ROMÁNICO PARA DUMMIES

El románico es la expresión espiritual y artística de la vida en la Edad Media, en la que, si bien habitaban muchas sombras, también se avistaban algunas luces. No es necesario ser un experto en arte para apreciarlo, pero tampoco viene mal un guion para comprenderlo. De eso se encarga el Centro del Románico del Valle de Boí, situado en el pueblo de Erill la Vall, donde se puede encontrar toda la información relativa no solo a estas iglesias, sino también sobre la sociedad que habitó el valle durante aquellos siglos. Entradas, visitas guiadas y una exposición permanente que permite al visitante hacer un viaje por la historia de este excepcional valle del Pirineo. A partir de aquí, la inmersión artística puede ser tan elástica como se desee, ya que los pueblos están muy cerca unos de otros y unidos por una carretera de ida y vuelta.

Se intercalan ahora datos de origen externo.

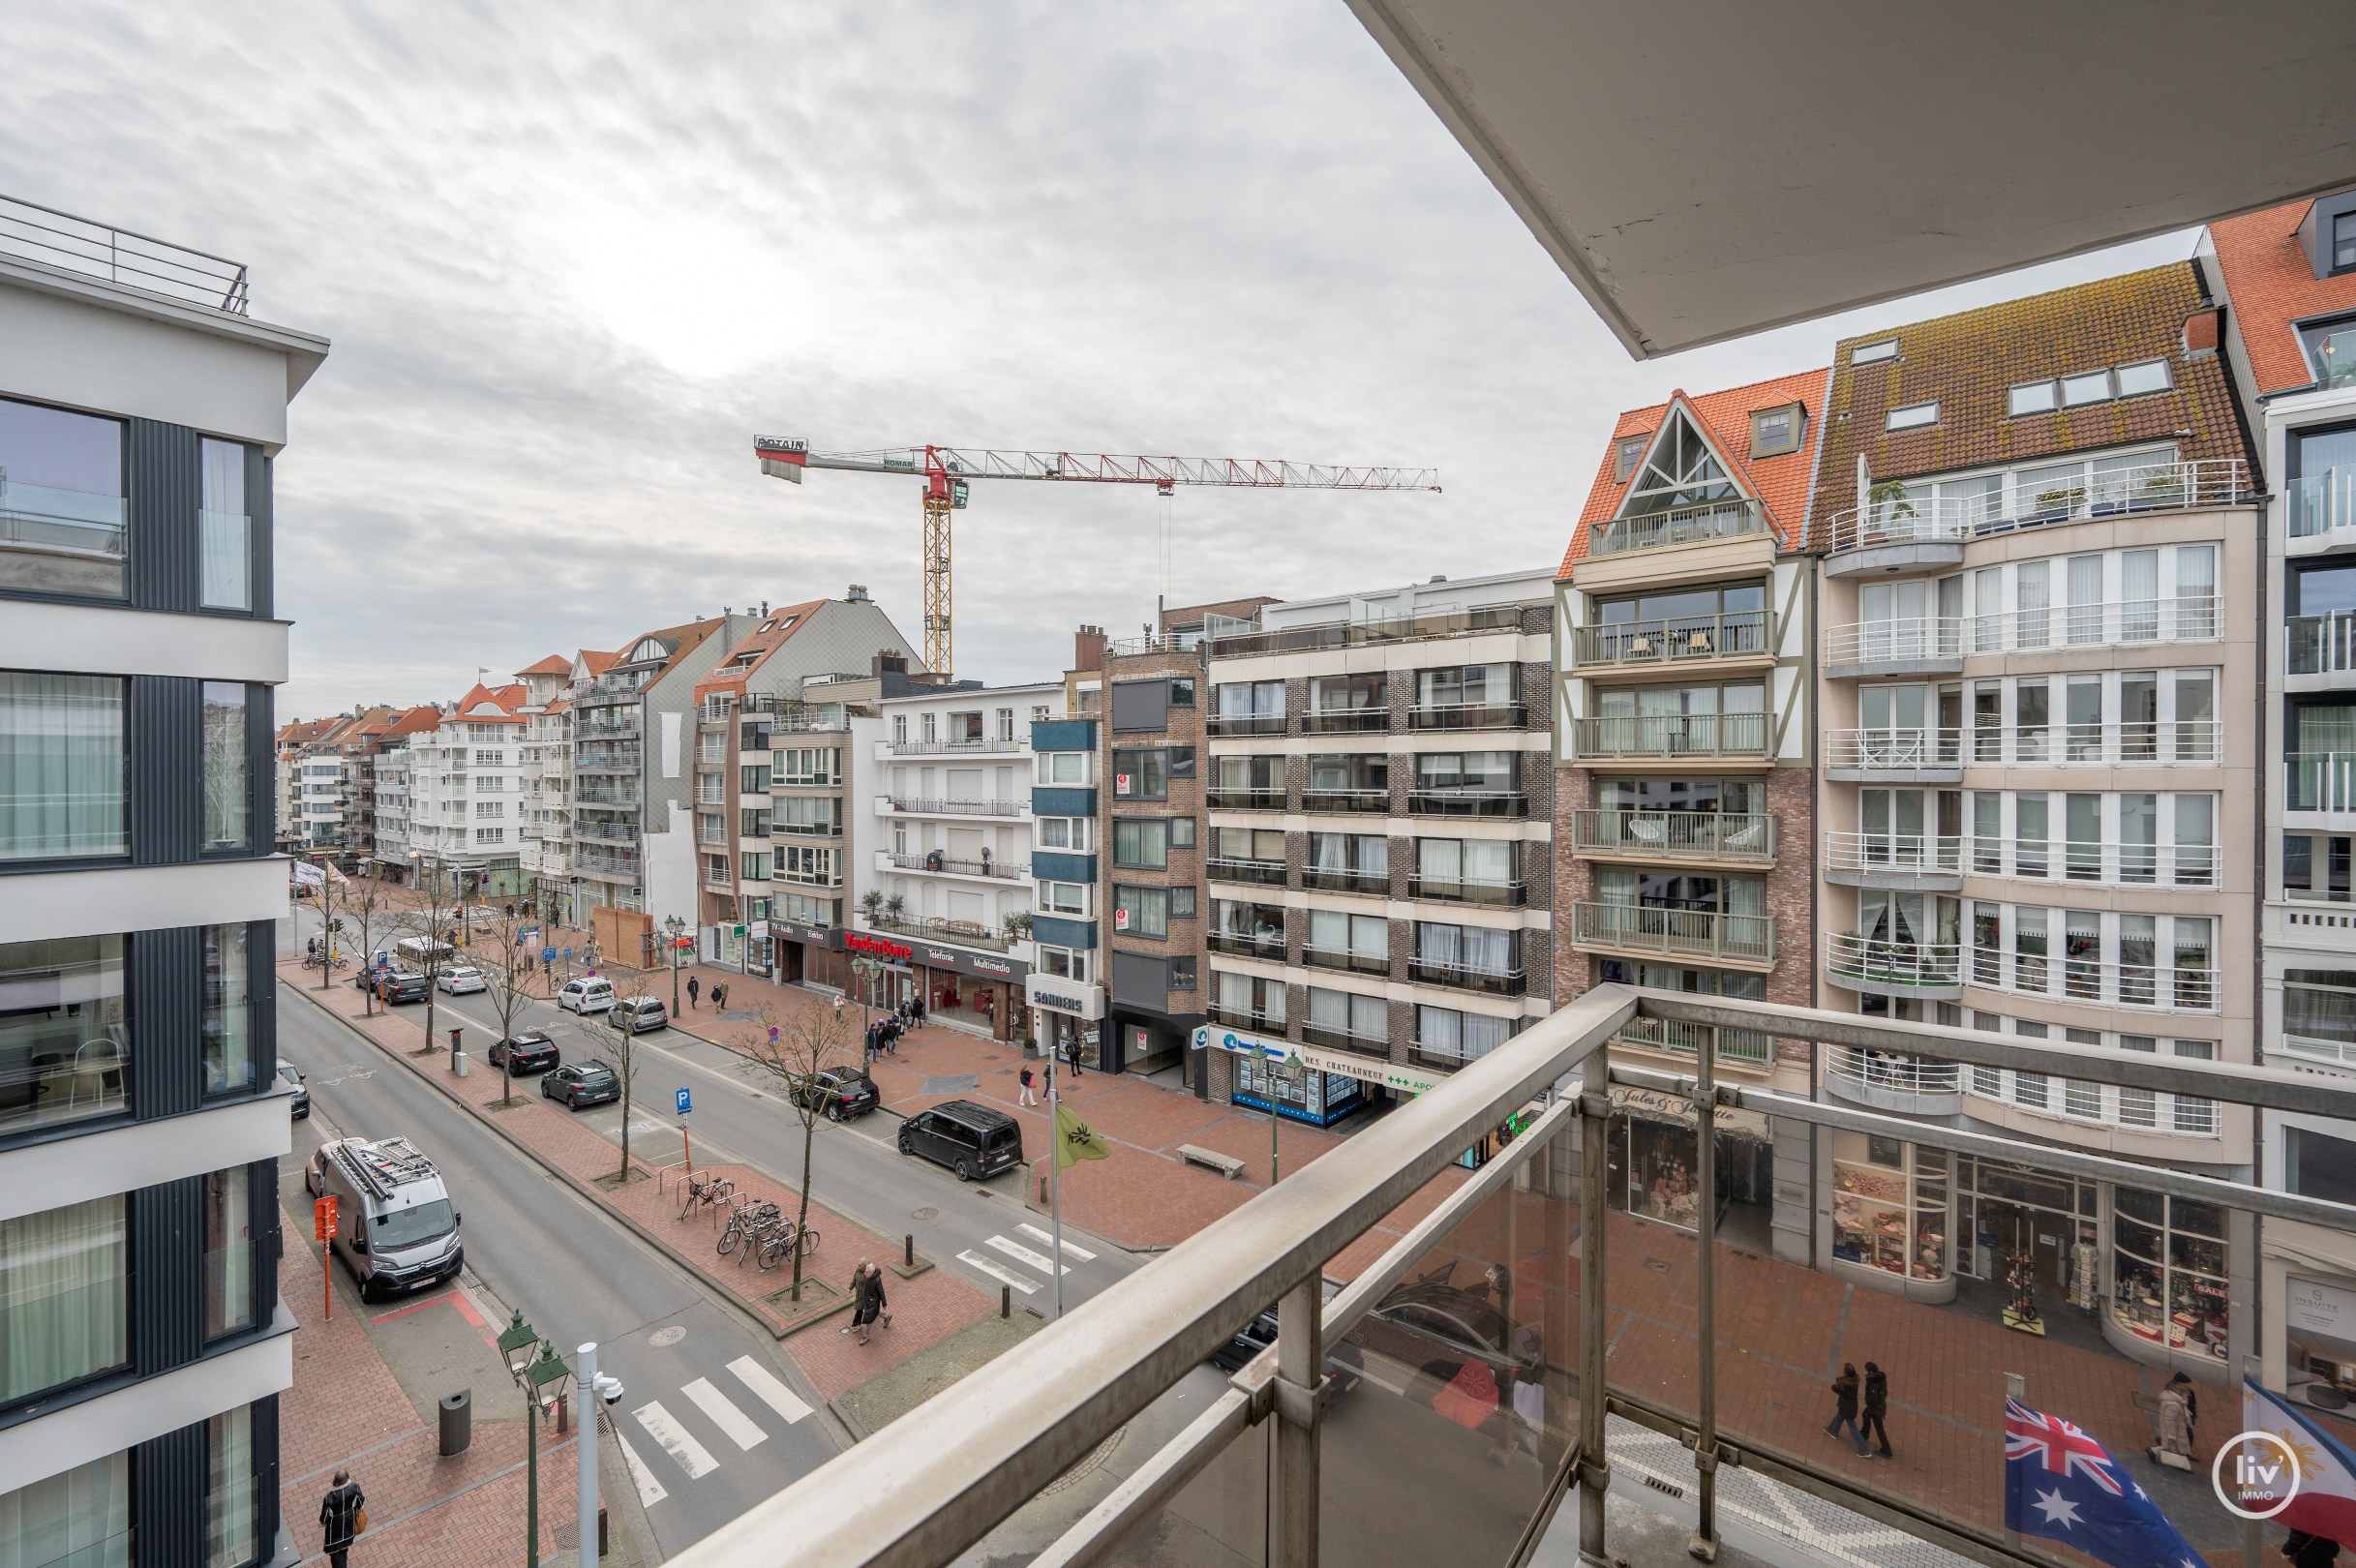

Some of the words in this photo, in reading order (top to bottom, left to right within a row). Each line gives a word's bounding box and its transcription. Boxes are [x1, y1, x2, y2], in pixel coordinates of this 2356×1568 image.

Los templos de este valle son la máxima expresión del arte.

Iglesia de San Climent © h368k742 - stock.adobe.com
Sant Climent de Taüll, el templo del siglo XI más conocido del valle.

A partir de aquí, la inmersión artística puede ser tan elástica como se desee, ya que los pueblos están muy cerca unos de otros y unidos por una carretera de ida y vuelta. Para quienes ocho iglesias les parezcan un mundo, aquí van tres imprescindibles: en Taüll se encuentran los dos máximos exponentes del románico: Sant Climent y Santa María (esta es una de las pocas a las que se puede acceder de forma gratuita). Y la tercera, en el pueblo de Boí, es la iglesia de Sant Joan, que puede que vista desde fuera cause alguna decepción, pero una vez dentro, los restos de pinturas murales que representan las profecías y criaturas del bestiario medieval devuelven la alegría hasta al viajero más escéptico. 

Iglesia de Sant Climent© Getty Images
Interior de la iglesia de Sant Climent, donde aún se conservan algunos frescos y en cuyo abside se proyecta un video mapping con con las pinturas originales.

Pero volviendo hasta los 1.482 metros en los que se ubica Taüll, el pueblo más alto del valle, la fotogénica silueta de Sant Climent luce imponente desde el siglo XII dentro de uno de los más bellos paisajes de la naturaleza. Aquí toca detenerse ante su auténtica joya: el Pantocrátor de la iglesia. Y aunque, ¡oh!, la mayor parte de las pinturas se encuentra en el Museo Nacional de Arte de Cataluña (MNAC), no todo está perdido aquí. La iglesia cuenta con un innovador sistema de video mapping que proyecta las pinturas originales sobre el ábside y permite, no solo hacerse a la idea de cómo era en su estado original, sino cómo fue su proceso de creación. El alfa y el omega. 

MÁS ALLÁ DEL ARTE: EXPERIENCIAS EN LA NATURALEZA

En este lugar, donde de belleza natural van sobrados, se encuentra el Parque Nacional d’Aigüestortes i Estany de Sant Maurici, único parque nacional de Cataluña, que se puede visitar –bajo unas estrictas normas, eso sí– durante cualquier estación del año. Un parque perfecto para la práctica de senderismo, tanto para expertos caminantes como para familias, donde hay agua por todas partes, cientos de lagos alimentados por innumerables arroyos que caen sobre cascadas, bosques de pinos y abetos, y picos que alcanzan más de 3.000 metros. Aquí conviven desde águilas reales a buitres leonados o pequeños antílopes, entre muchos otros animales. El teleférico Vall Fosca ofrece la posibilidad de acceder a 2.200 metros de altura, en un recorrido que, en 14 minutos, salva un desnivel de 450 metros. Una vez arriba, las posibilidades de excursiones se multiplican.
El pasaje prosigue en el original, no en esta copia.